As explained below, because Plaintiff's Complaint seeks to “amend [or] modify” orders by the TSA Administrator, a federal statute, 49 U.S.C. § 46110, requires that Plaintiff's challenge be heard, if at all, by the Court of Appeals. Defendants' motion (Dkt. 22) to dismiss for lack of subject matter jurisdiction is therefore granted, and the case is dismissed without prejudice.

I. BACKGROUND

A. Terrorist Screening Database and DHS TRIP

The Department of Homeland Security (DHS) is responsible for protecting the United States from terrorist attacks at home. See 6 U.S.C. § 111. The Transportation Security Administration (TSA) sits within DHS and is responsible for “security in all modes of transportation.” See 49 U.S.C § 114(d). To that end, Congress charged the TSA Administrator with “assess[ing] threats to transportation [and] develop[ing] policies, strategies, and plans for dealing with threats to transportation security.” See id. §§ 114f)(2-3).
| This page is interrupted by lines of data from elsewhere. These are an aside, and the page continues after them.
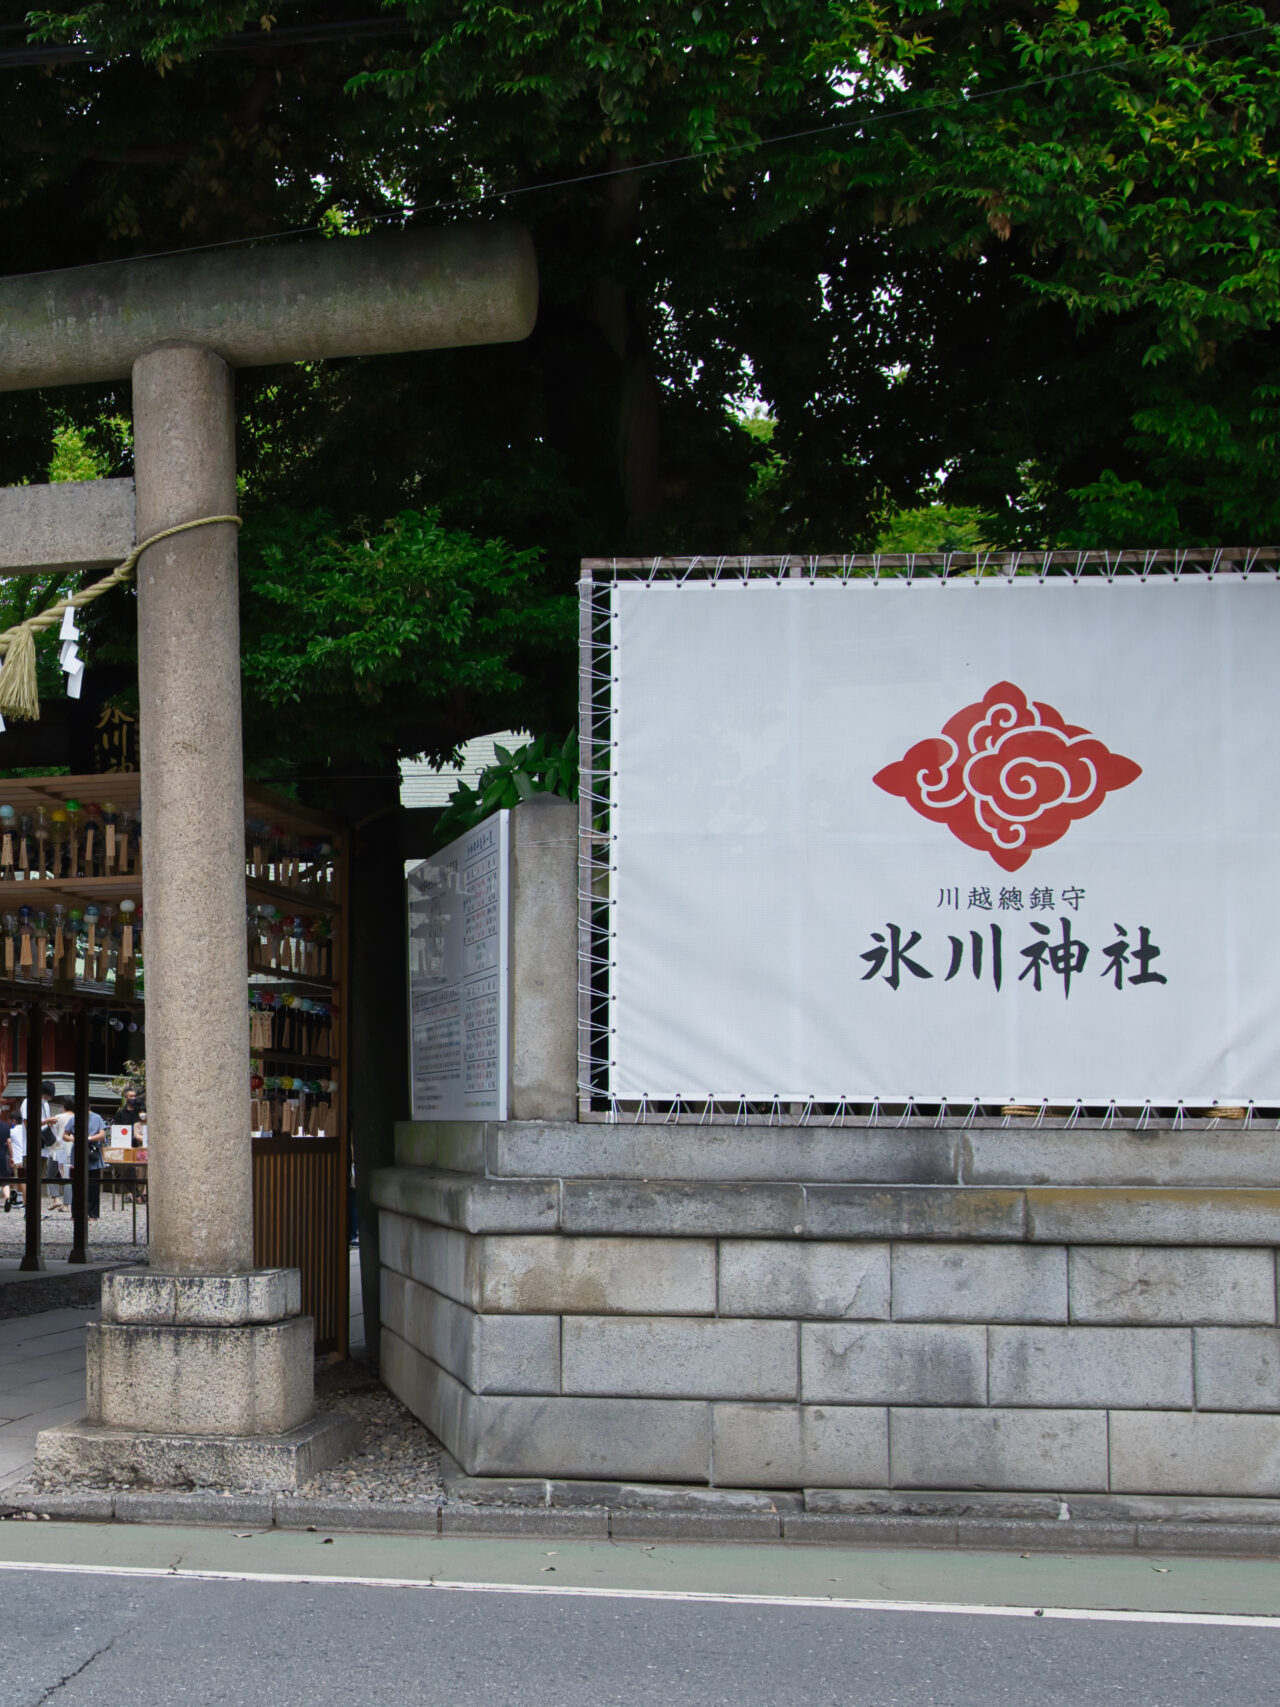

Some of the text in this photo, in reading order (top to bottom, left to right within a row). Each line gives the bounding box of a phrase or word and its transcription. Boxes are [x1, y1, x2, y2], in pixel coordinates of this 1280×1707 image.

[937, 886, 1086, 911] 川越總鎮守
[859, 916, 1168, 1000] 氷川神社
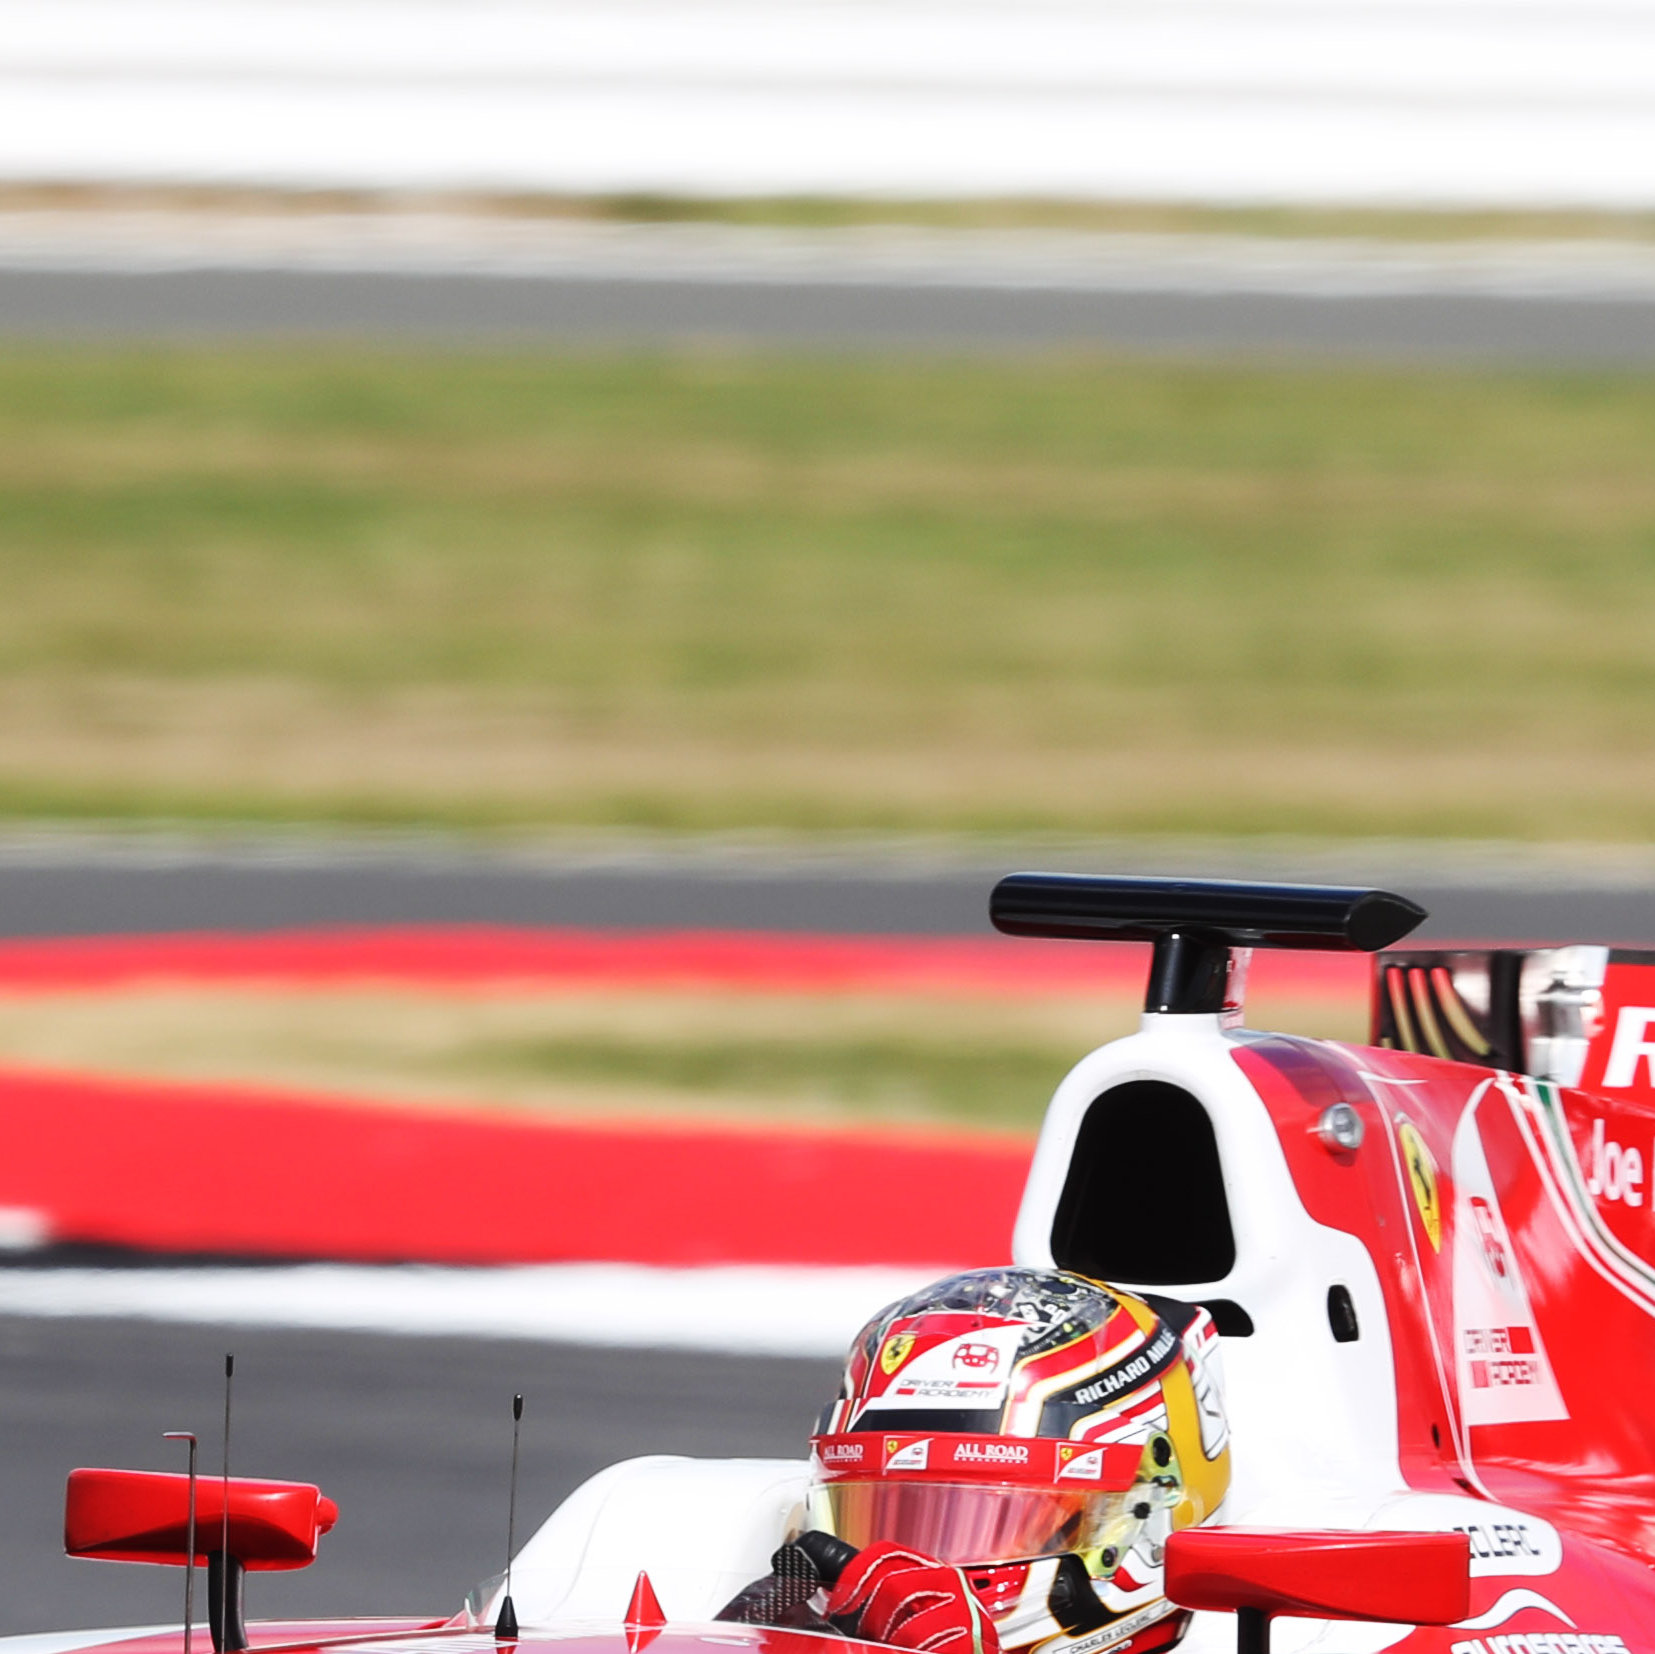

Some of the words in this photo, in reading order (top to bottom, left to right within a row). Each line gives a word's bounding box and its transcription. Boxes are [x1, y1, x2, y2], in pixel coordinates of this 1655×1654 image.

[1586, 1118, 1643, 1208] Joe
[1074, 1355, 1151, 1405] RICHARD
[954, 1443, 982, 1457] ALL
[985, 1444, 1029, 1458] ROAD
The Terrorist Screening Center (the “Screening Center”), organized under the National Security Branch of the Federal Bureau of Investigation (FBI), maintains a terrorism watchlist called the Terrorist Screening Database or Terrorist Screening Dataset (the “Database”). (See Dkt. 22-2). TSA uses the Database to “identify individuals on passenger lists who may be a threat to civil aviation or national security.” 49 U.S.C. § 114(h)(3); (see also Dkt. 22-2 at 5.)
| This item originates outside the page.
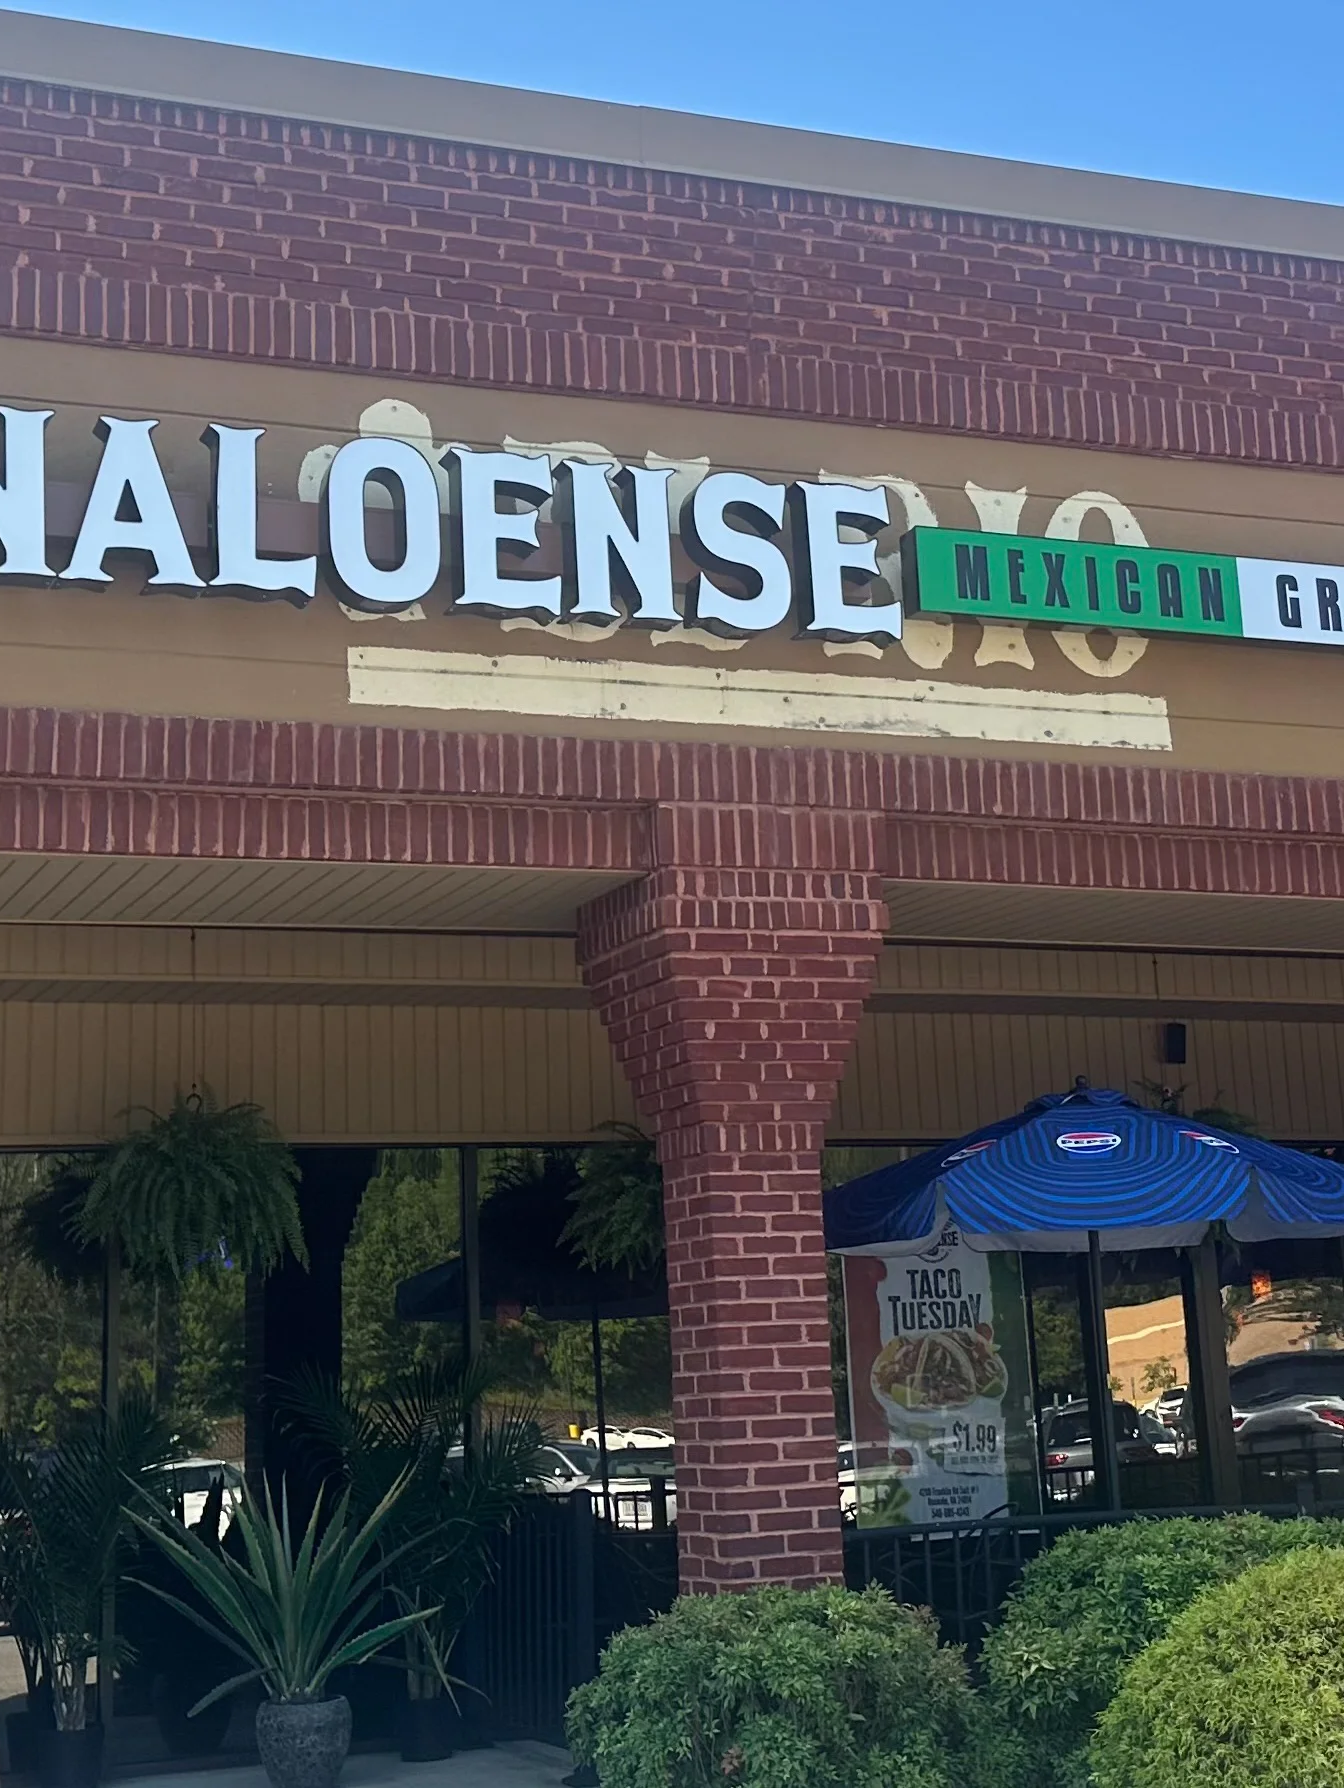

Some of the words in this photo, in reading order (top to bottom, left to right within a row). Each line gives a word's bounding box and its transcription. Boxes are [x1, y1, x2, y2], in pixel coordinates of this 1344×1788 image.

[954, 543, 1226, 623] MEXICAN
[906, 1268, 962, 1300] TACO
[887, 1293, 983, 1336] TUESDAY
[953, 1420, 996, 1453] $1.99
Congress directed the TSA Administrator to “establish a procedure to enable airline passengers, who are delayed or prohibited from boarding a flight because the advanced passenger prescreening system determined that they might pose a security threat, to appeal such determination and correct information contained in the system.” 49 U.S.C. § 44903(j)(2)(C)(iii)(I). The TSA Administrator did so; that process is called the Department of Homeland Security Traveler Redress Inquiry Program (DHS TRIP), codified at 49 C.F.R. §§ 1560.201-1560.207. If an individual “believes he or she has been improperly or unfairly delayed or prohibited from boarding an aircraft,” that individual may initiate an inquiry via DHS TRIP. Id. at 1560.205. TSA will coordinate with the Screening Center to “review all the documentation and information requested from the individual, correct any erroneous information, and provide the individual with a timely written response.” Id.

B. Plaintiff's allegations

Plaintiff alleges that he has, on numerous occasions, experienced significant delays and additional security scrutiny when traveling by plane. (Dkt. 19 ¶¶ 27-47.) Some of these delays and additional searches and screenings occur in full public view, which, Plaintiff says, harms his reputation. (See, e.g., id. ¶¶ 43-45.)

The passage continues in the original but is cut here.